I took a look around. There were no members of staff to stop me, so I stepped into the secret passage and started walking up the stairs. I dug a small torch from my pocket, flicked it on to cast the ethereal white light from the LEDs before me, then I closed the mirrored door behind me. The air was thick and musty, undisturbed for so long. I wondered if the runes had been there to somehow camouflage the door, to prevent detection even when knew there must be a door.
The steps emerged to a cramped room with a stone altar and a work bench. There was a fairly substantial tool kit for a skilled magician in the room, but it was buried under set dressing and tat. The useless bunk was almost overwhelming, the black crystals and blood red candles, the jars full of pickled eyeballs. Somewhere under it all was a set of scribes for a magic circle and some totems to amplify will power. I took a packet of salt from my pocket and tore off the corner. I tipped it into the air and watched as the grains flowed like metal attracted to a magnet. There was no breeze but the salt drifted and settled on a battered wooden sideboard. I smiled and crouched by the sideboard. It was the least dusty item in the room, so it should have cried out to me anyway. The splash back of tiles behind the board h
ad been wiped clean a few times. Maybe three times, by three victims. I ran my fingers around the tiles and found the latch. The concealed panel sprung open and the real treasure was revealed. Old coins. Silver ones that had made with a hammer stamp sometime around the Viking invasions. They were the coins of a warrior sect, marked not with the head of a king but the ring of teeth that was the brand of the cult. One did not fit into the alcove of the velvet cushion any more. It was the largest and heaviest. It had been dented, one half flattened down too thin. It had been mangled and crushed.

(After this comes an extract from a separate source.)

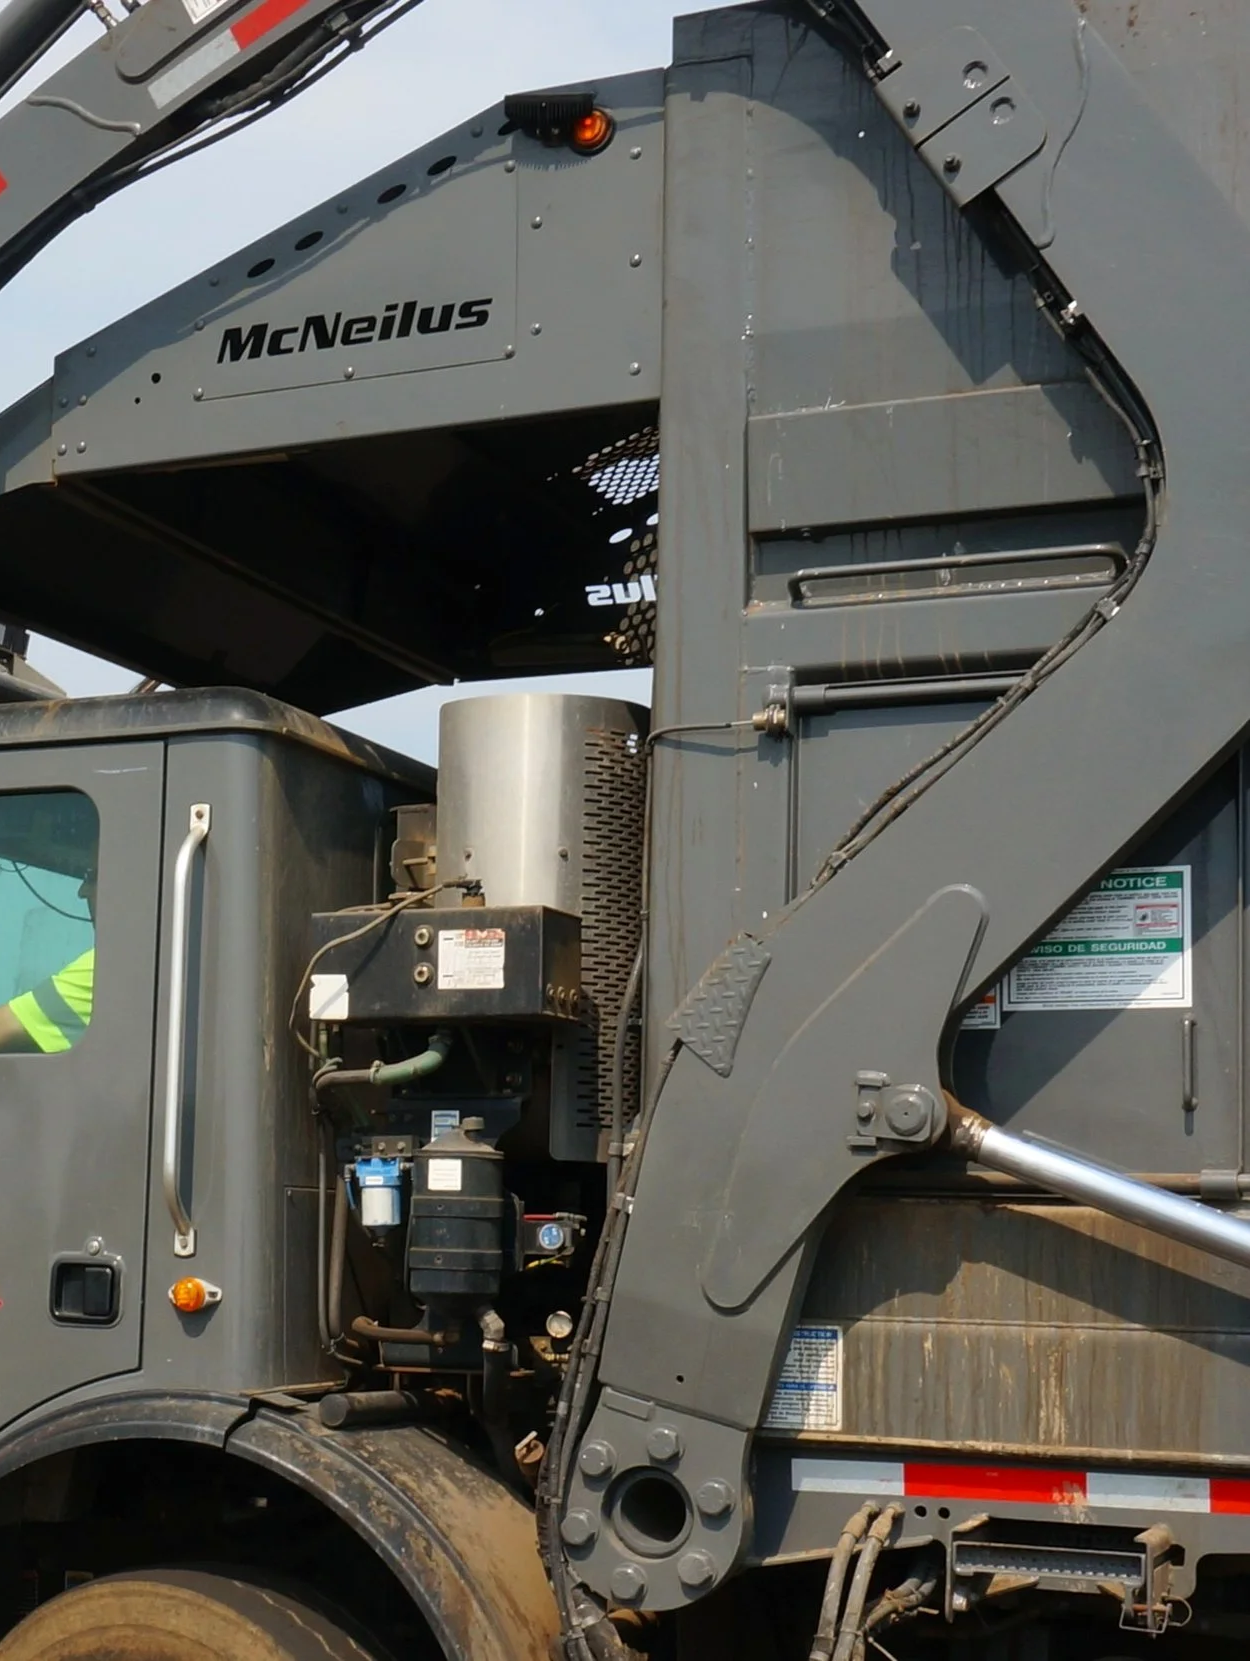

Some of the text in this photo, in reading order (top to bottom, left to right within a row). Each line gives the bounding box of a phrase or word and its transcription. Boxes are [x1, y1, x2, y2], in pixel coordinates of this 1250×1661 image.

[216, 298, 494, 364] McNeilus
[1100, 876, 1167, 889] NOTICE
[1068, 943, 1086, 953] DE
[1091, 941, 1167, 952] SEGURIDAD

But seven coins. Just the right number if you wanted to make a magic circle that way. The permanent kind that left a mark on the floor that could never be removed. It was why the cults used them. They were sponsored by entities from Over There. Not normally a friendly kind like a bear. So they would find a rock or a cave and set out the circle, power it up with a spell or two then burn the circle into the stone floor. The circle could then be activated by bringing one of the coins into it.
I felt my eyes drawn to the large coin. It seemed to glow a little and there was a sound in the air like a choir singing softly. The light glinted on the coin and I could see... Oh I could see so much I could do with that coin. It had to be worth a fortune. I could maybe get a better boiler for the hotel in Eternity, pay for somebody to help look after the bears, or, if I was really lucky, I could get a new van better suited to enduring the bears. Something military?
I blinked the thoughts away. They were not my own. My hand was held out ready to take the coin. It wanted to be taken. I might almost go so far to say it was angry I did not take it. I closed the hatch.
Somebody cleared their throat behind me. I twisted around to see a tall man in a dark jumper and slacks who was framed by the doorway. He had a face that looked like it had been whacked by a spade until all the features was flattened.